The action in the film is solid on balance, but some fight scenes are better than others. The highlight was seeing Wilson and Blanks duke it out in a short but compelling fight that made interesting use of camera angles and undercranking to make both guys look good through crisp choreography and a fast pace. At the back-end of the film were two surprisingly violent confrontations, one of which involves a fighter being pinned to a metal railing and beaten before having his earring ripped out, and another that features a brutal act I can only refer to as “pointy thing impalement.” It was probably scrap metal.

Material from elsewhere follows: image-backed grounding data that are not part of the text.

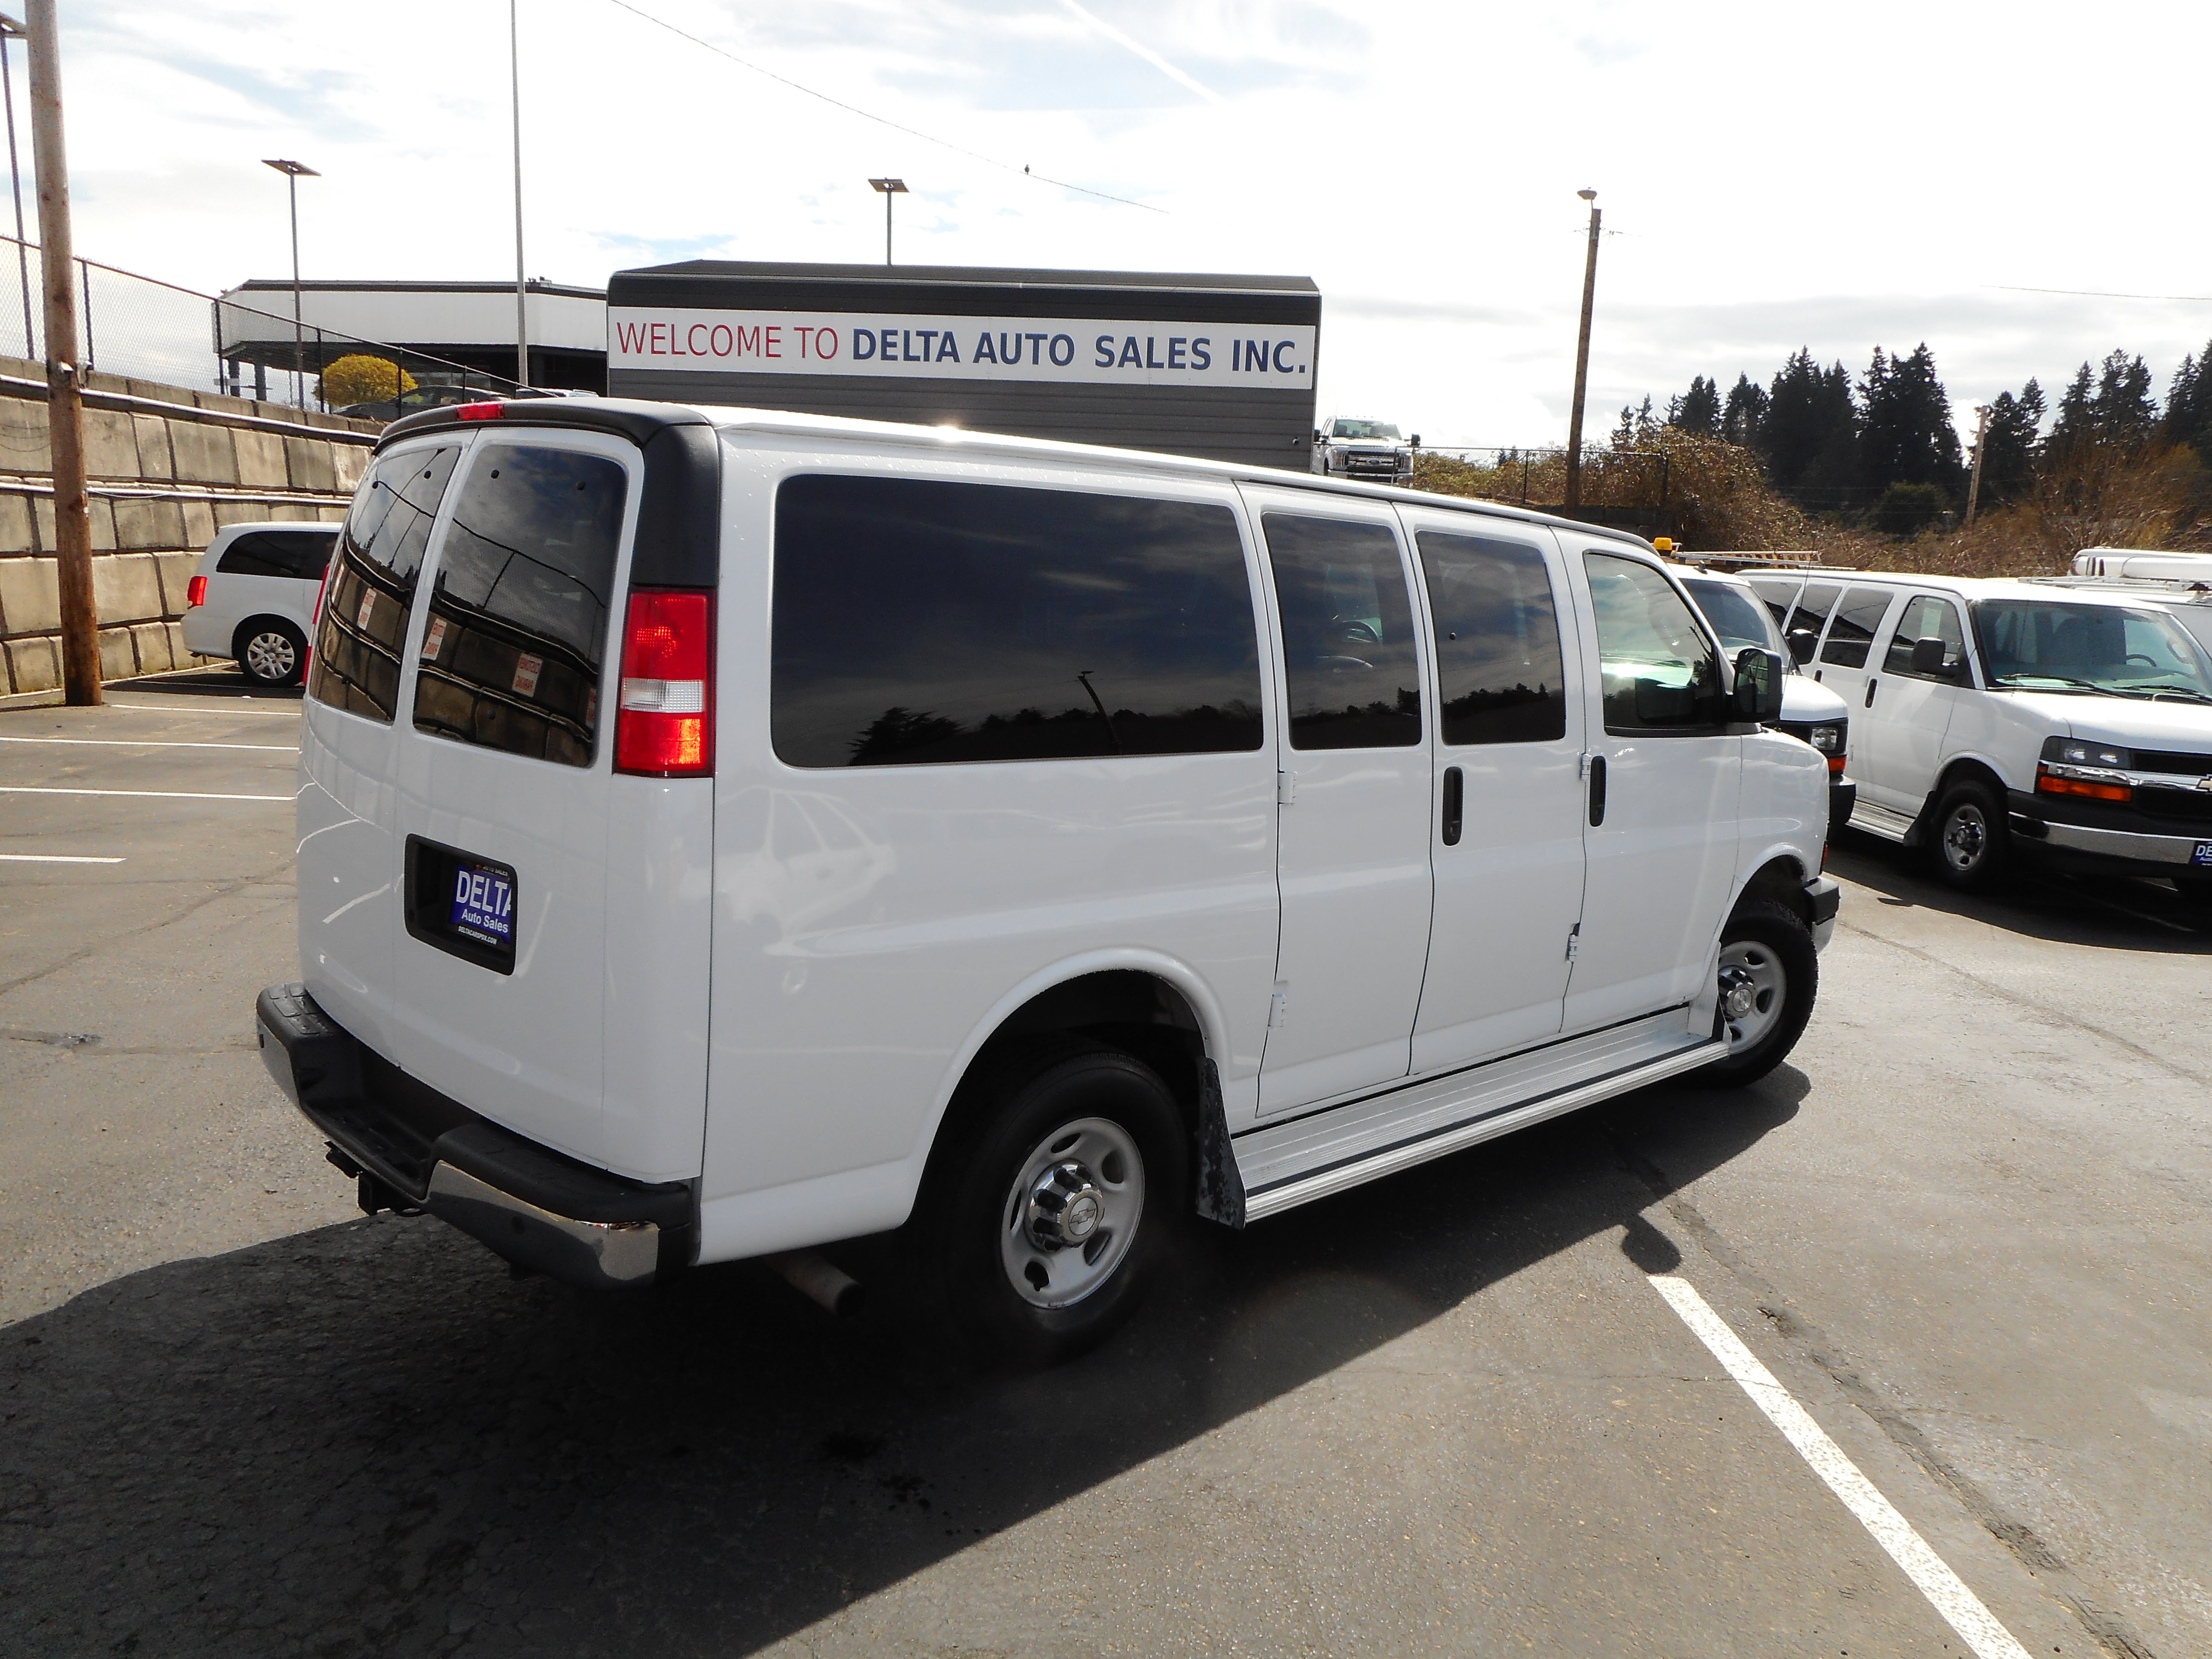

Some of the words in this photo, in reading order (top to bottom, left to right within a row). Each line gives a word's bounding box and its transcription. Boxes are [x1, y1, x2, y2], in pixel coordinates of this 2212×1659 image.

[616, 322, 781, 358] WELCOME
[793, 326, 839, 360] TO
[852, 328, 961, 363] DELTA
[972, 331, 1075, 366] AUTO
[1095, 334, 1211, 370] SALES
[1232, 339, 1306, 374] INC.
[461, 908, 481, 925] Auto
[483, 915, 508, 933] Sales

This isn't a knock: Bloodfist is the sort of film that is so cookie-cutter in its story and presentation that you can trick yourself into thinking you’ve seen it before. Even the title itself -- mashed together from two random words -- evokes a hundred other movies in the realm of action cinema. (Teddy Page was responsible for four such “Blood____” films but I’m not going to ruminate on the “fist” film titles because of the frightening implications it has for my Google referral keywords). Perhaps that’s what led CNN (of all news outlets) to include it in a January 2015 listicle feature about Hollywood’s most violent films. Sandwiched between Texas Chainsaw Massacre and Goodfellas, you’ll find Bloodfist, 1989 direct-to-video Filipino Roger Corman production. Maybe the author was just a Don “The Dragon” fan?


Sibling vengeance. Underground fighting. Hammy training montages. The bait-and-switch VHS cover. And a ton of sequels, some related, some not. There may be no more well-rounded representation of the 1980s and 90s DTV chopsocky experience than Bloodfist. Recommended.


On disc at Amazon, eBay.

5 / 7


  1. Nice write-up. You're absolutely right, you can't help but like this movie.

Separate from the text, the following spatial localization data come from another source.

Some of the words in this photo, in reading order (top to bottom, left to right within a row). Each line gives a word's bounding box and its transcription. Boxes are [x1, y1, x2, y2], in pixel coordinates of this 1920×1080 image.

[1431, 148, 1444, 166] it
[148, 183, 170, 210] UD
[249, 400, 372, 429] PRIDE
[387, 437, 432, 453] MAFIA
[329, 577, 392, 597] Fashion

  2. how can you rank this higher than the american ninja 2 ? barely any action

    1. It's only a half-point difference, but I docked AN2 for the inferior fight scenes with Dudikoff. It's never a good look when your star's timing is visibly off during his/her action scenes. (Steve James, OTOH, looked good per usual). Quantity doesn't equal quality for me. Thanks for reading though! Let me know your opinion on the two films, I'd be interested to read why you have Ninja 2 higher.